MATERIAL SUPPLIED
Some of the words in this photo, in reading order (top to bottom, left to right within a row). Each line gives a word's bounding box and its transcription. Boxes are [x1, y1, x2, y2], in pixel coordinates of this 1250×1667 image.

...

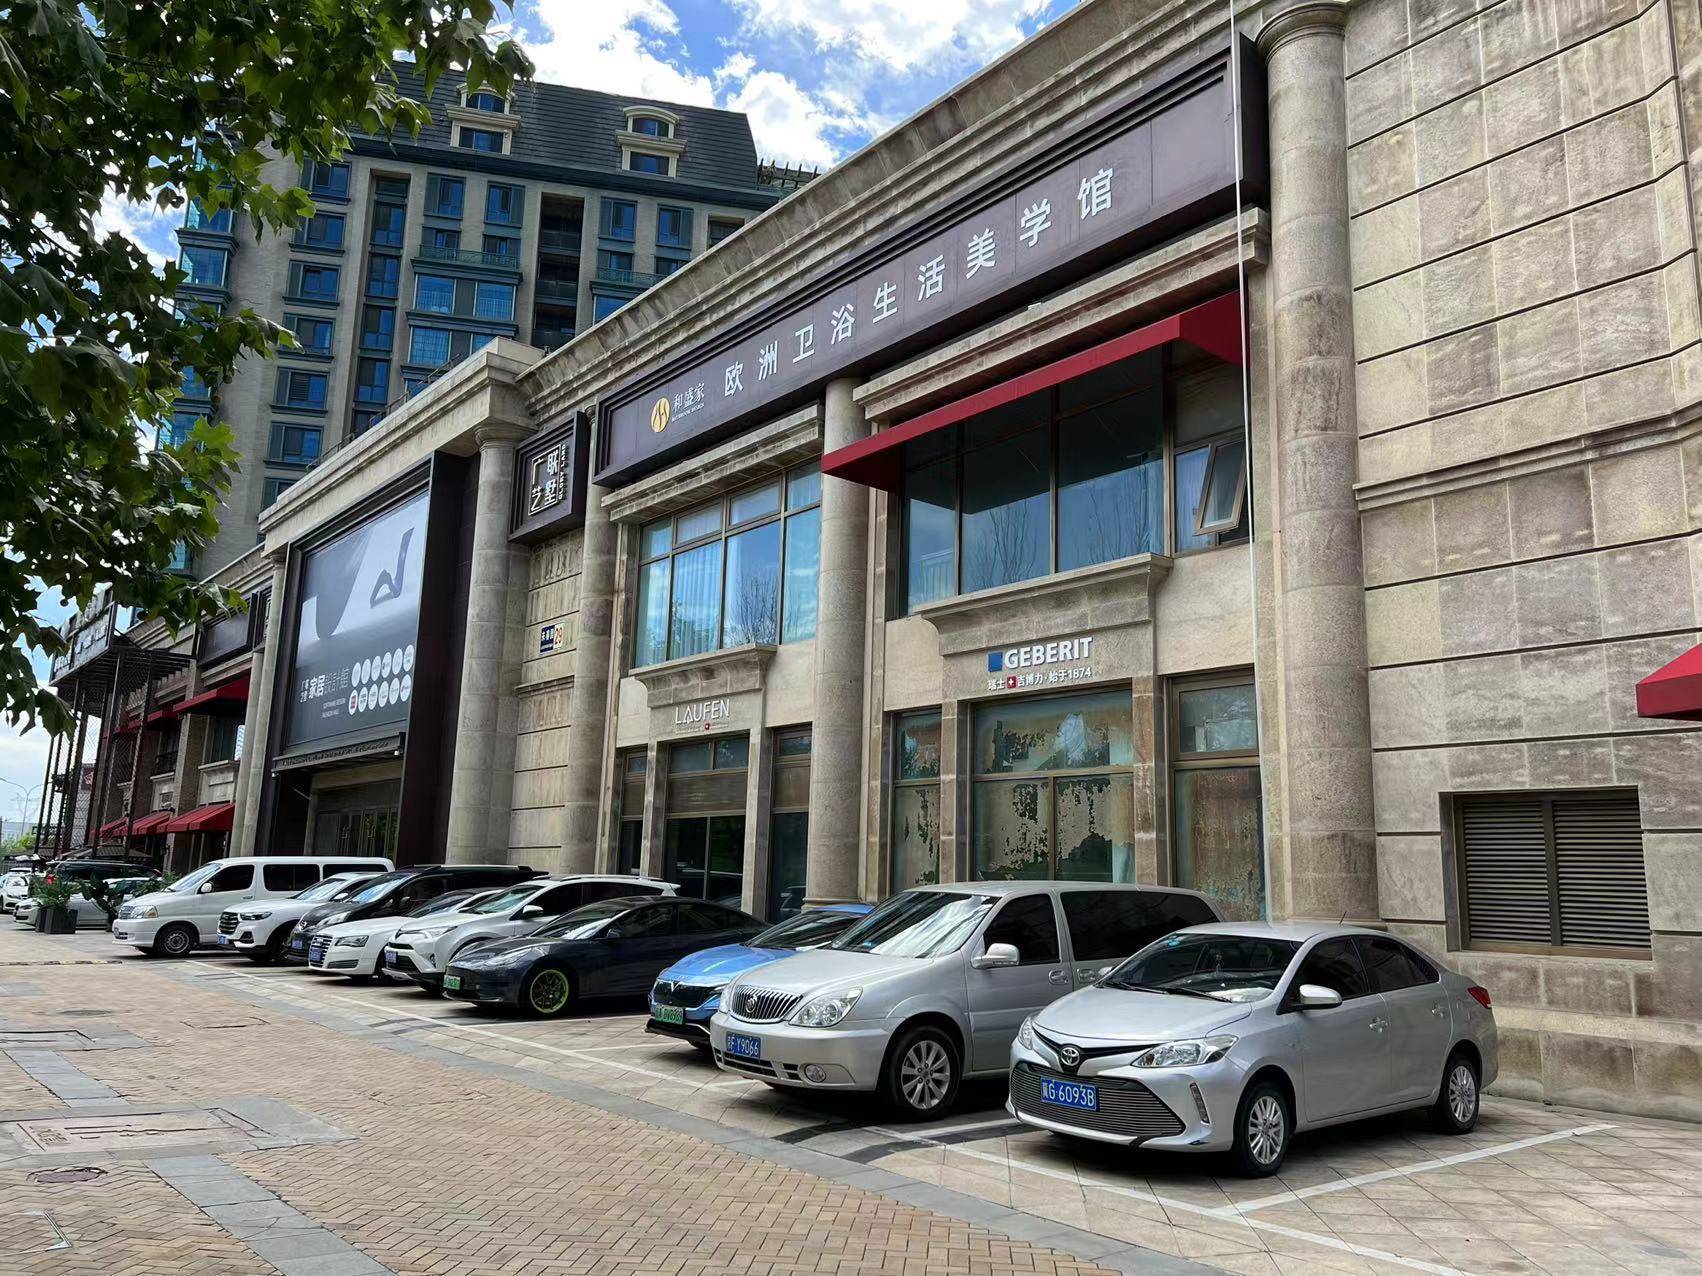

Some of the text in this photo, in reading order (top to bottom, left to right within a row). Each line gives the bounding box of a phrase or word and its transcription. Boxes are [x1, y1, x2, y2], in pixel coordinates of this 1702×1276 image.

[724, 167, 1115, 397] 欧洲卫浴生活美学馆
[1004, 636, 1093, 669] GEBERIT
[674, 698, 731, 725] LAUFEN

* * *

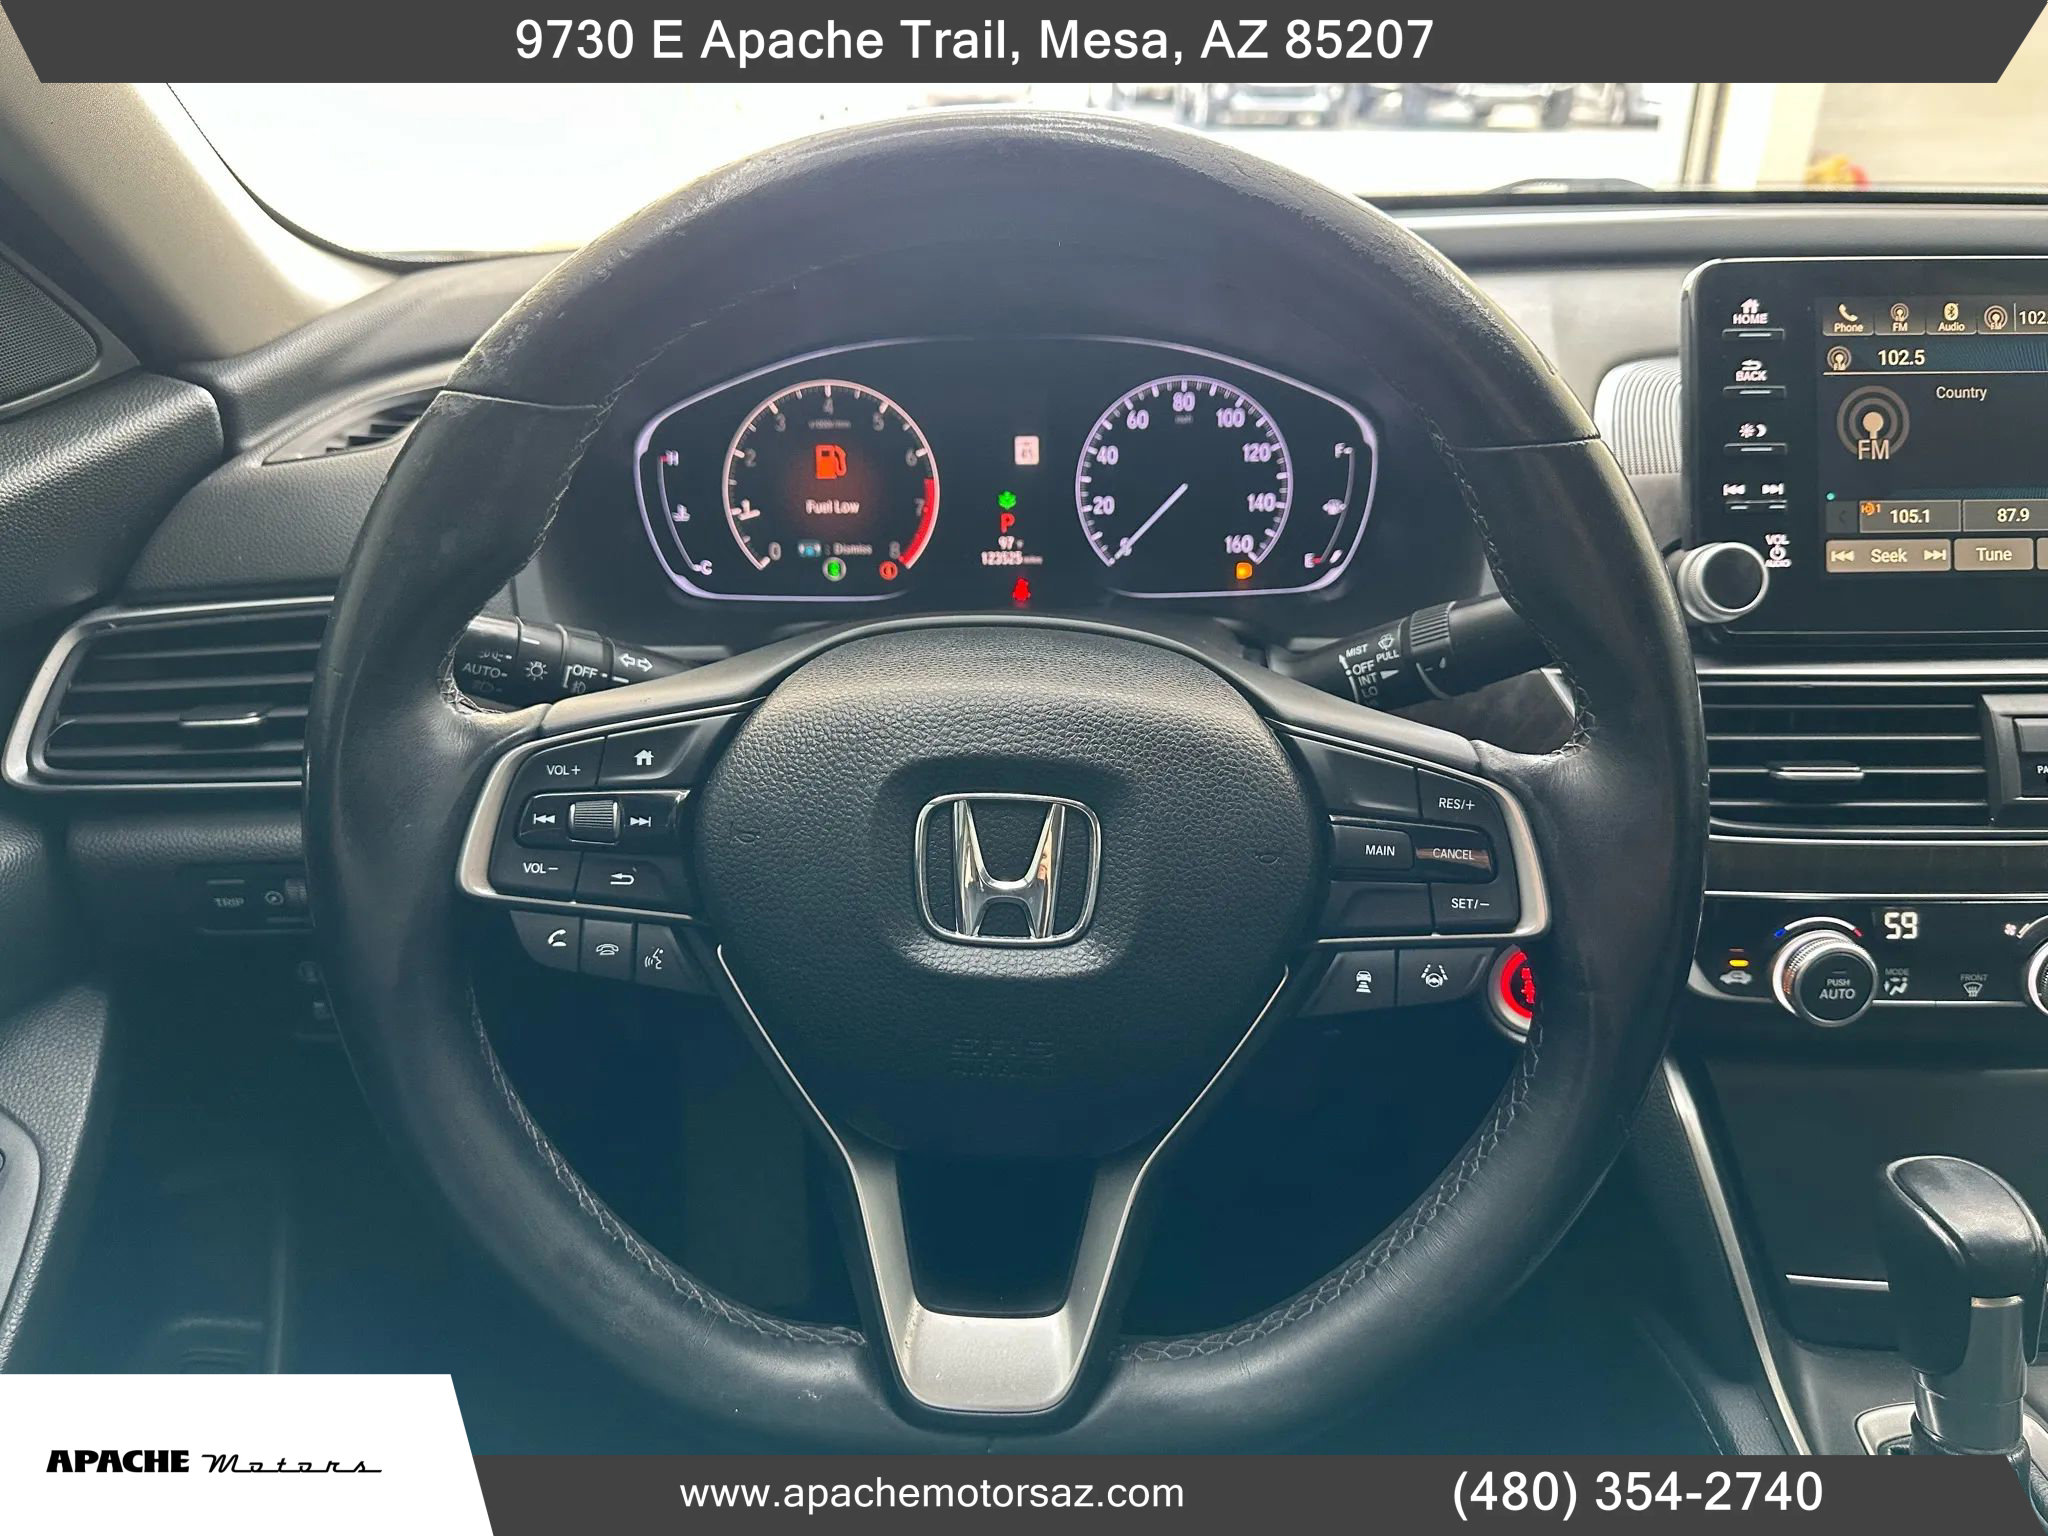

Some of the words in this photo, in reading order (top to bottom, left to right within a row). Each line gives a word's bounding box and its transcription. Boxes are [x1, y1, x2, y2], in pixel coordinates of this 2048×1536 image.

TASK ITEM
Say how many lines in the records hold the string "words", and say nothing else.

RESULT FOR THIS EXERCISE
2